Before Class: Student and Instructor Preparation
At the beginning of each semester, my students and I brainstorm possible topics for discussion, based on interests, academic majors, etc. [I teach at a polytechnic university, so the topics usually center around game theory, engineering of various sorts, current events, and popular culture.] As students categorize our suggestions on a whiteboard, the community argues, debates, and reaches consensus on overarching genres for discussion topics.  I facilitate by outlining a few requirements:

(1) A text for discussion may come from any trade publication, TED Talk, mass publication, podcast, or video – as long as said article is available in electronic format.  Any article, video, or podcast found in our university’s library database is also fair game.

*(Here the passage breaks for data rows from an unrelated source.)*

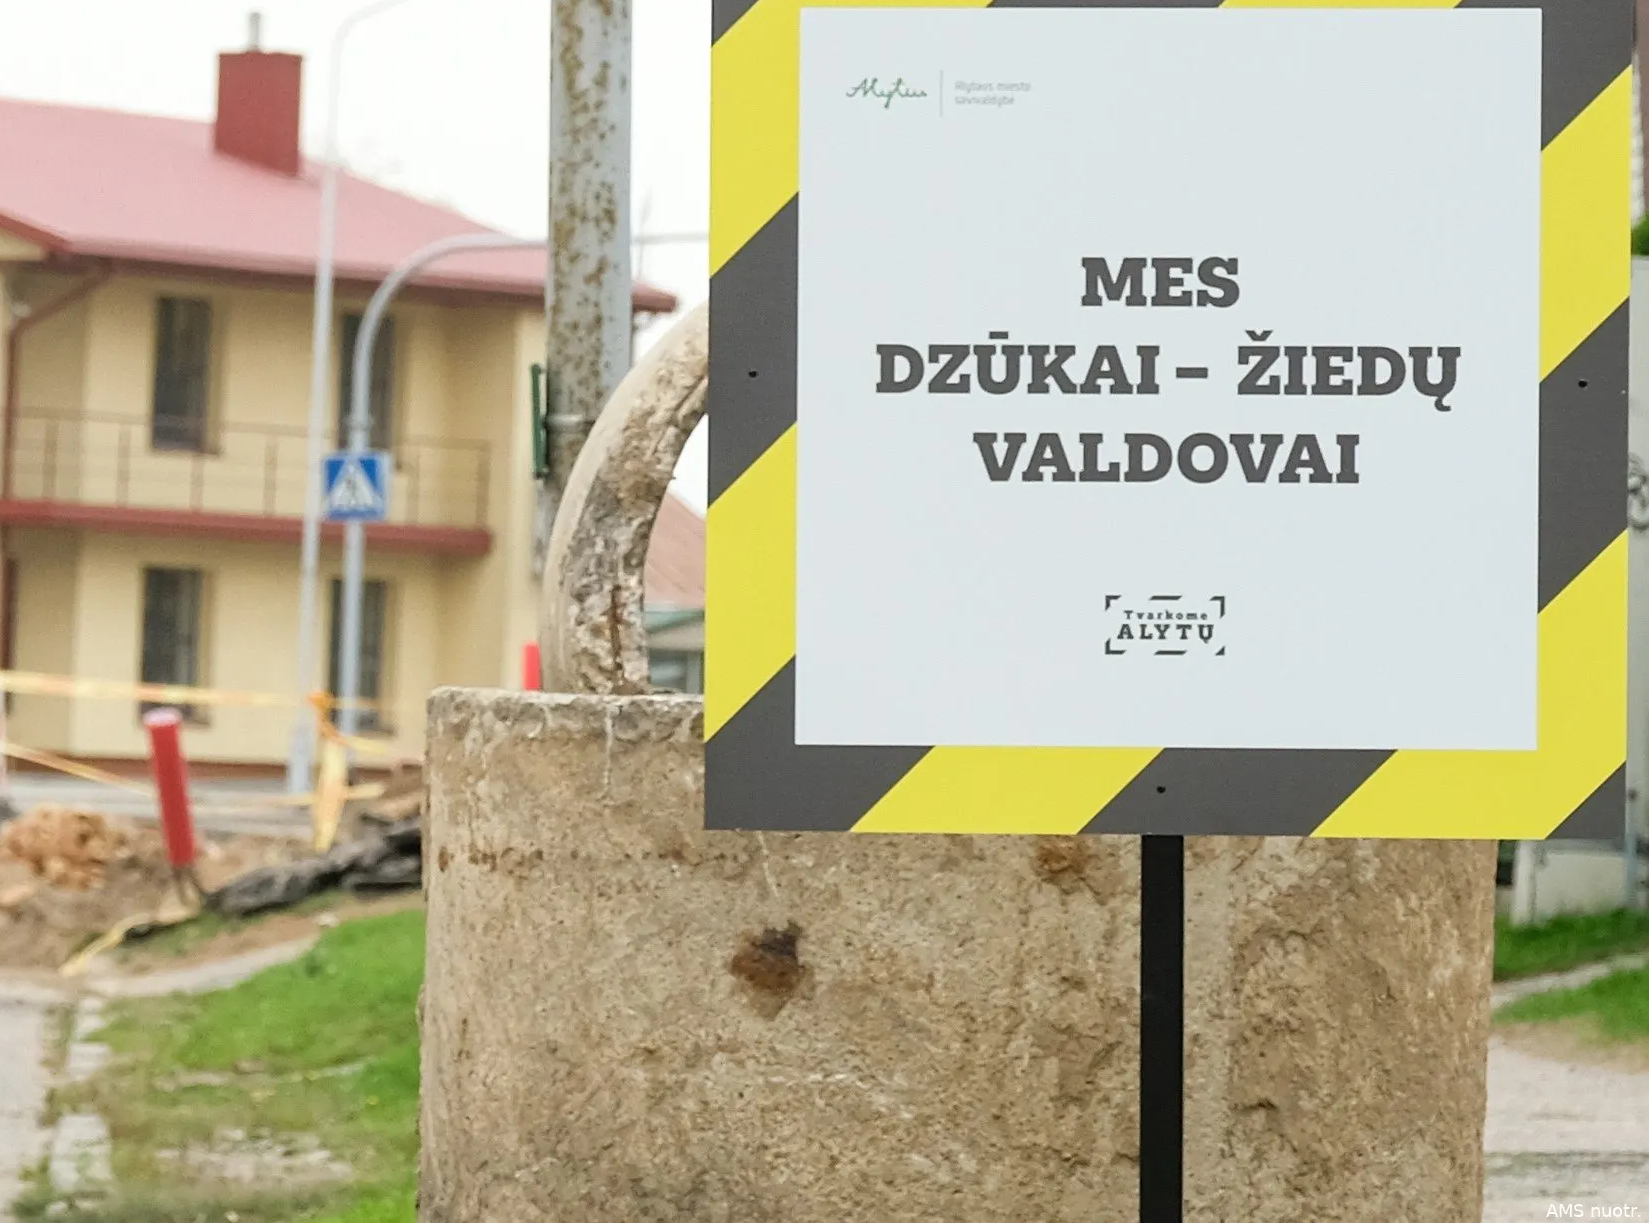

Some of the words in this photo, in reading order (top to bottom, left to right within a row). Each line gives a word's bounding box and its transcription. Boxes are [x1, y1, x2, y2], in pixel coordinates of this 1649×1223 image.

[1081, 256, 1240, 308] MES
[875, 330, 1161, 395] DZŪKAI
[1237, 329, 1462, 412] ŽIEDŲ
[972, 431, 1360, 484] VALDOVAI
[1123, 609, 1208, 620] Tvarkome

(2) Each student chooses her/his text and tweets it to me a week prior to class discussion.

(3) Each student must respond to at least two tweets on a given text in order to participate and receive credit.

 A few days prior to class, I tweet out the article tweeted to me by a student.  We use hashtags, so students may choose whether or not to “follow” each other on Twitter.  Each class has its own hashtag.  After I tweet the article, students read it and respond using the same hashtag.  A few hours before class, I compile the tweets in a FREE archive program called Storify and send the link out to the community.  Students bring their archive to class, make notes if they wish, and prepare for discussion.  Now, we’re ready to go.

In Class
The student who originated the article for discussion is the lead-student and has the Storify archive in hand. S/he begins her/his delivery as a dialogic or as a monologue.  Then, using Storify as a guide, the conversation grows organically, based on student-to-student interactions.   The lead-student is accountable for driving the discussion towards the required elements to reach our rhetorical goals.  Depending on personalities, this process can flow as a winding stream, as chaotic river rapids, or as a stagnant pond.  For me, any of these movements develop rhetorical skills in students.  We learn as much from the rich debate as we do from the silence.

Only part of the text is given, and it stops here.